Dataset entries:
'''
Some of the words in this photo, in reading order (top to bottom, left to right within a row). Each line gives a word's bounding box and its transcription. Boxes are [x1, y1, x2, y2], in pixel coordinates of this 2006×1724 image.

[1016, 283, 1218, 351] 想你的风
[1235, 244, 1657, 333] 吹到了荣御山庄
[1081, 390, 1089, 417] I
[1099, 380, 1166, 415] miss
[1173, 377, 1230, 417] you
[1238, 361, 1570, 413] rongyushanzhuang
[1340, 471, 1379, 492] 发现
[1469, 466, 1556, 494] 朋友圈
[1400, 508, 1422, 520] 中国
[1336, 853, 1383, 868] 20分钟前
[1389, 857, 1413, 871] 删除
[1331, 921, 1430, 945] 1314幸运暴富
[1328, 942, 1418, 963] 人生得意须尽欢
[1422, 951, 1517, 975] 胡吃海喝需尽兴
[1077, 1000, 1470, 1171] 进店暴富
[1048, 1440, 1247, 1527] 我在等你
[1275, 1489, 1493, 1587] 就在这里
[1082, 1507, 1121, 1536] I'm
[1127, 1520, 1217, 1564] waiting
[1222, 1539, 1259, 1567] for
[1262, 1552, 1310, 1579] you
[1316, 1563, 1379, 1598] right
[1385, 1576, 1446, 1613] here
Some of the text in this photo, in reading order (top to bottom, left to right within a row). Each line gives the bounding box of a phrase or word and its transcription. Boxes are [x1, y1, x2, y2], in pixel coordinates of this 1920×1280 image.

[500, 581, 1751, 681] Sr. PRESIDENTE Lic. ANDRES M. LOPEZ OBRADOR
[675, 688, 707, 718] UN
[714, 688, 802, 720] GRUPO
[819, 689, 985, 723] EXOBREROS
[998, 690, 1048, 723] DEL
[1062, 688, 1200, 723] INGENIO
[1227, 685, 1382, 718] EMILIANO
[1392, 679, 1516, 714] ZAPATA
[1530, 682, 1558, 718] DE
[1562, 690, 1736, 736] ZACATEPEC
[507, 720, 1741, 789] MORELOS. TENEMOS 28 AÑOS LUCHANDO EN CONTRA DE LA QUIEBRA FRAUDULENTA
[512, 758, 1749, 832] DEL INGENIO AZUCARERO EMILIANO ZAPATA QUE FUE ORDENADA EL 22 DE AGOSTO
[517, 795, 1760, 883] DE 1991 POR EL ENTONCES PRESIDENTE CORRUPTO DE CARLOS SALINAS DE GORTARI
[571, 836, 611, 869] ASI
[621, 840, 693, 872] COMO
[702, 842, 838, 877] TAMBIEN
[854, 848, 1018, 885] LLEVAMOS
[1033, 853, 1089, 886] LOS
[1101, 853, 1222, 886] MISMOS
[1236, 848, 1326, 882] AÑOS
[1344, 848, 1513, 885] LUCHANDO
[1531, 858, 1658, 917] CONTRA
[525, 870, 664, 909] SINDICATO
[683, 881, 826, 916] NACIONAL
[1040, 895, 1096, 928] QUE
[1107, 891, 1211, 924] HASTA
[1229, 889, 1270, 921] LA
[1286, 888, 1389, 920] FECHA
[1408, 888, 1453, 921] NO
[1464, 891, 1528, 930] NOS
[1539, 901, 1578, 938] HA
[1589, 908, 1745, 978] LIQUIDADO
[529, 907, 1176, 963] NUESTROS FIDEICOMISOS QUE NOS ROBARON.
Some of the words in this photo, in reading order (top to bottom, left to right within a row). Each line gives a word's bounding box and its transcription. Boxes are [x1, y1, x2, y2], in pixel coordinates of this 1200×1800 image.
'''
Task directions:
Set the data above down again in full, exactly as it reads.

Exercise response:
Some of the words in this photo, in reading order (top to bottom, left to right within a row). Each line gives a word's bounding box and its transcription. Boxes are [x1, y1, x2, y2], in pixel coordinates of this 2006×1724 image.

[1016, 283, 1218, 351] 想你的风
[1235, 244, 1657, 333] 吹到了荣御山庄
[1081, 390, 1089, 417] I
[1099, 380, 1166, 415] miss
[1173, 377, 1230, 417] you
[1238, 361, 1570, 413] rongyushanzhuang
[1340, 471, 1379, 492] 发现
[1469, 466, 1556, 494] 朋友圈
[1400, 508, 1422, 520] 中国
[1336, 853, 1383, 868] 20分钟前
[1389, 857, 1413, 871] 删除
[1331, 921, 1430, 945] 1314幸运暴富
[1328, 942, 1418, 963] 人生得意须尽欢
[1422, 951, 1517, 975] 胡吃海喝需尽兴
[1077, 1000, 1470, 1171] 进店暴富
[1048, 1440, 1247, 1527] 我在等你
[1275, 1489, 1493, 1587] 就在这里
[1082, 1507, 1121, 1536] I'm
[1127, 1520, 1217, 1564] waiting
[1222, 1539, 1259, 1567] for
[1262, 1552, 1310, 1579] you
[1316, 1563, 1379, 1598] right
[1385, 1576, 1446, 1613] here
Some of the text in this photo, in reading order (top to bottom, left to right within a row). Each line gives the bounding box of a phrase or word and its transcription. Boxes are [x1, y1, x2, y2], in pixel coordinates of this 1920×1280 image.

[500, 581, 1751, 681] Sr. PRESIDENTE Lic. ANDRES M. LOPEZ OBRADOR
[675, 688, 707, 718] UN
[714, 688, 802, 720] GRUPO
[819, 689, 985, 723] EXOBREROS
[998, 690, 1048, 723] DEL
[1062, 688, 1200, 723] INGENIO
[1227, 685, 1382, 718] EMILIANO
[1392, 679, 1516, 714] ZAPATA
[1530, 682, 1558, 718] DE
[1562, 690, 1736, 736] ZACATEPEC
[507, 720, 1741, 789] MORELOS. TENEMOS 28 AÑOS LUCHANDO EN CONTRA DE LA QUIEBRA FRAUDULENTA
[512, 758, 1749, 832] DEL INGENIO AZUCARERO EMILIANO ZAPATA QUE FUE ORDENADA EL 22 DE AGOSTO
[517, 795, 1760, 883] DE 1991 POR EL ENTONCES PRESIDENTE CORRUPTO DE CARLOS SALINAS DE GORTARI
[571, 836, 611, 869] ASI
[621, 840, 693, 872] COMO
[702, 842, 838, 877] TAMBIEN
[854, 848, 1018, 885] LLEVAMOS
[1033, 853, 1089, 886] LOS
[1101, 853, 1222, 886] MISMOS
[1236, 848, 1326, 882] AÑOS
[1344, 848, 1513, 885] LUCHANDO
[1531, 858, 1658, 917] CONTRA
[525, 870, 664, 909] SINDICATO
[683, 881, 826, 916] NACIONAL
[1040, 895, 1096, 928] QUE
[1107, 891, 1211, 924] HASTA
[1229, 889, 1270, 921] LA
[1286, 888, 1389, 920] FECHA
[1408, 888, 1453, 921] NO
[1464, 891, 1528, 930] NOS
[1539, 901, 1578, 938] HA
[1589, 908, 1745, 978] LIQUIDADO
[529, 907, 1176, 963] NUESTROS FIDEICOMISOS QUE NOS ROBARON.
Some of the words in this photo, in reading order (top to bottom, left to right within a row). Each line gives a word's bounding box and its transcription. Boxes are [x1, y1, x2, y2], in pixel coordinates of this 1200×1800 image.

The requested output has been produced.